The Edge of the Woods (Wayne Ferrebee, 2012, watercolor)

Well, it’s already Thanksgiving…2015 will be here before you know it. This year I’m staying in Brooklyn instead of going home to the fields and hardwood forests of Appalachia, but I’ll definitely miss visiting family, going hunting, and seeing all of the goodly farm creatures.  I probably should have organized things better, but to be frank, organization is really not my métier.  How does everybody do so well with all of these infernal lists, and applications, and invoices, and calendars, and spreadsheets?
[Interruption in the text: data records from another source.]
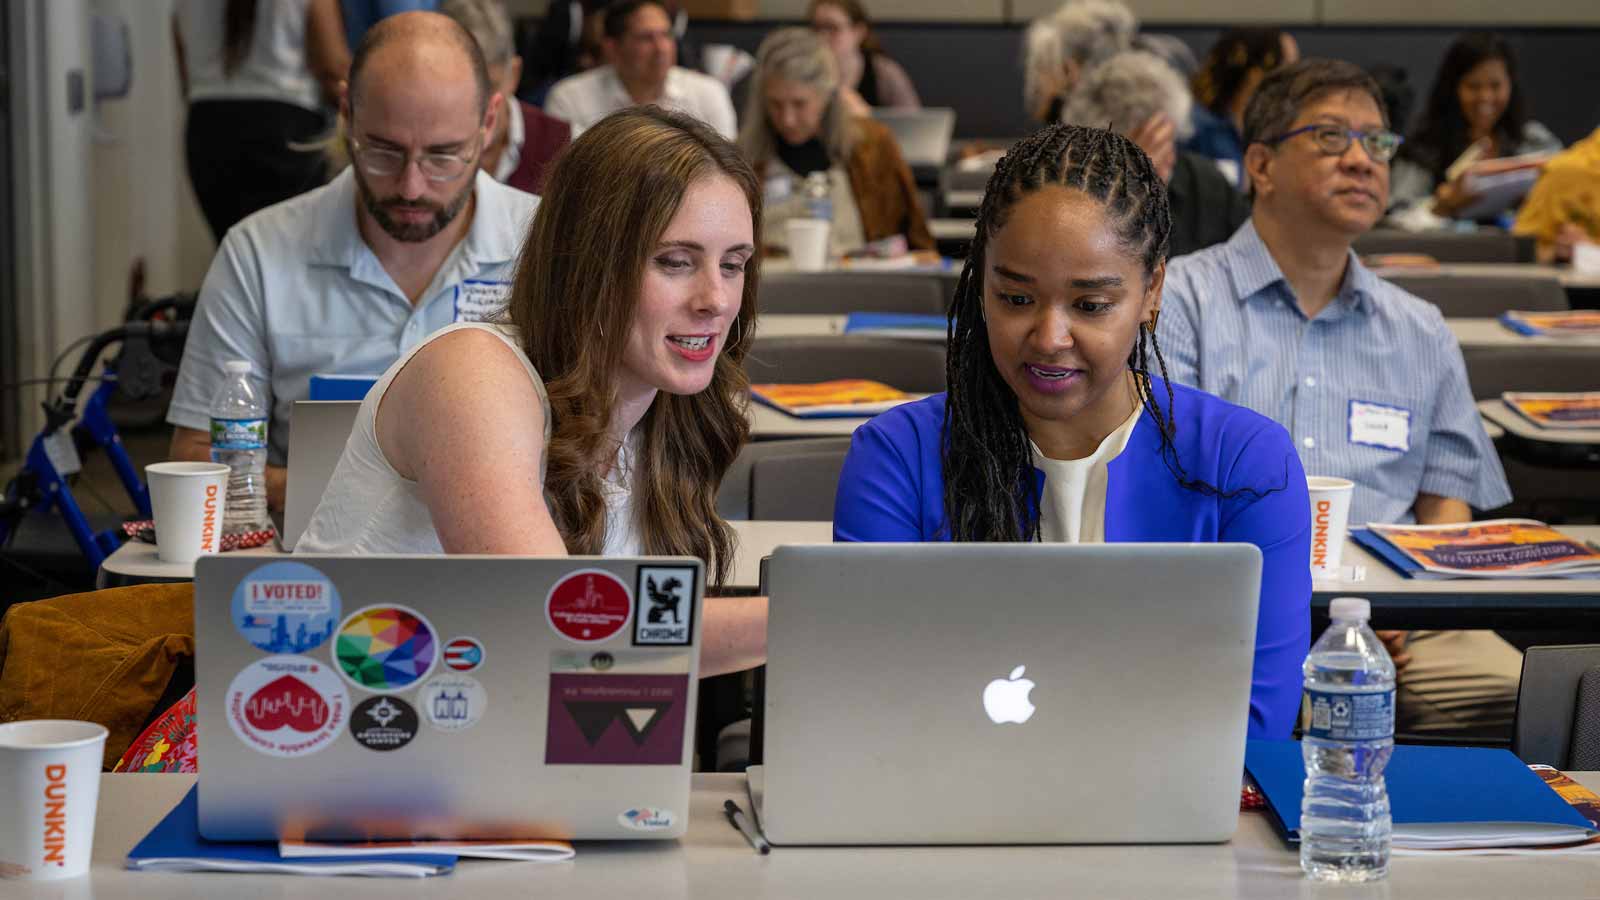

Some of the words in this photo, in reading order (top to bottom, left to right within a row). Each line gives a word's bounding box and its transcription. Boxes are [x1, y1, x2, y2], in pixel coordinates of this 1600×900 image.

[201, 484, 218, 553] DUNKIN'
[1312, 500, 1330, 569] DUNKIN'
[252, 583, 258, 599] I
[263, 583, 322, 599] VOTED!
[640, 628, 685, 641] CHROME
[44, 763, 66, 867] DUNKIN'
[642, 818, 670, 827] Voted
Anyway, to celebrate the holiday, here is a summertime watercolor picture of the family farm.  The trees look a bit crooked and a bit too green…but they were crooked and extremely green in real world (plus I didn’t realize I was sitting on an anthill when I first chose the location—so I was painting faster and faster).   Of course there was no wild turkey running through the painting–at least not that I could see—however they are supremely canny at blending in when they want to be (and I did find some feathers at the entrance to the forest).  The snake, chipmunk, and skulking frog are likewise inventions, although they are definitely out there in the woods.  I should really have painted an anthill: those guys were very much present!

Yes, like that...but bitier.

Yes, like that…but bitier.

I’m sorry I don’t have a November painting which show the beautiful browns, russets, and grays of the woodland.  The wild turkey would look extremely good against such a backdrop!  But the ants were bad enough—I don’t even want to think about watercolor in snow, sleet, and freezing rain…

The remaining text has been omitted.